### Available data
# # # # #
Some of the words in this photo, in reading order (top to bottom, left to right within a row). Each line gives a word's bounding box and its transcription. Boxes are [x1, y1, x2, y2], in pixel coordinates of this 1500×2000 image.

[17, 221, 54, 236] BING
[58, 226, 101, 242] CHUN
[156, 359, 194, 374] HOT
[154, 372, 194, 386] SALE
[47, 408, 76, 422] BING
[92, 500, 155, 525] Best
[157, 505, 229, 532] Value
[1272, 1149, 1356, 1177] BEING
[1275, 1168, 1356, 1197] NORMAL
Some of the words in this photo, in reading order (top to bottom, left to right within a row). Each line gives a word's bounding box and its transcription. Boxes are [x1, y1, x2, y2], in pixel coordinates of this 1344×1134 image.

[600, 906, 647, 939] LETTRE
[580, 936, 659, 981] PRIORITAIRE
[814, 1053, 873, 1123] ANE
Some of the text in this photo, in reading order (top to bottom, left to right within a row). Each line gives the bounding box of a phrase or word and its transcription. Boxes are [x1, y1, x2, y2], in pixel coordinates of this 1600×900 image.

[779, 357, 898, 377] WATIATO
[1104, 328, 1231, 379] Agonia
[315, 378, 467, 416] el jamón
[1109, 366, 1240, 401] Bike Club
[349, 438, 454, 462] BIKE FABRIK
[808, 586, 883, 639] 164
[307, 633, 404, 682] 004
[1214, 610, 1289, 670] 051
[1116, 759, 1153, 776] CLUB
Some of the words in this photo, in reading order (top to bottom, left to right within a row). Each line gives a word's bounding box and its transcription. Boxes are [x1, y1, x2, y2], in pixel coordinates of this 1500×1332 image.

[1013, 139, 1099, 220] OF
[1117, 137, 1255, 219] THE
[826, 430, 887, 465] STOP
# # # # #
### What to produce
For this exercise, set down all of the entries again word for word.

### Response area
Some of the words in this photo, in reading order (top to bottom, left to right within a row). Each line gives a word's bounding box and its transcription. Boxes are [x1, y1, x2, y2], in pixel coordinates of this 1500×2000 image.

[17, 221, 54, 236] BING
[58, 226, 101, 242] CHUN
[156, 359, 194, 374] HOT
[154, 372, 194, 386] SALE
[47, 408, 76, 422] BING
[92, 500, 155, 525] Best
[157, 505, 229, 532] Value
[1272, 1149, 1356, 1177] BEING
[1275, 1168, 1356, 1197] NORMAL
Some of the words in this photo, in reading order (top to bottom, left to right within a row). Each line gives a word's bounding box and its transcription. Boxes are [x1, y1, x2, y2], in pixel coordinates of this 1344×1134 image.

[600, 906, 647, 939] LETTRE
[580, 936, 659, 981] PRIORITAIRE
[814, 1053, 873, 1123] ANE
Some of the text in this photo, in reading order (top to bottom, left to right within a row). Each line gives the bounding box of a phrase or word and its transcription. Boxes are [x1, y1, x2, y2], in pixel coordinates of this 1600×900 image.

[779, 357, 898, 377] WATIATO
[1104, 328, 1231, 379] Agonia
[315, 378, 467, 416] el jamón
[1109, 366, 1240, 401] Bike Club
[349, 438, 454, 462] BIKE FABRIK
[808, 586, 883, 639] 164
[307, 633, 404, 682] 004
[1214, 610, 1289, 670] 051
[1116, 759, 1153, 776] CLUB
Some of the words in this photo, in reading order (top to bottom, left to right within a row). Each line gives a word's bounding box and its transcription. Boxes are [x1, y1, x2, y2], in pixel coordinates of this 1500×1332 image.

[1013, 139, 1099, 220] OF
[1117, 137, 1255, 219] THE
[826, 430, 887, 465] STOP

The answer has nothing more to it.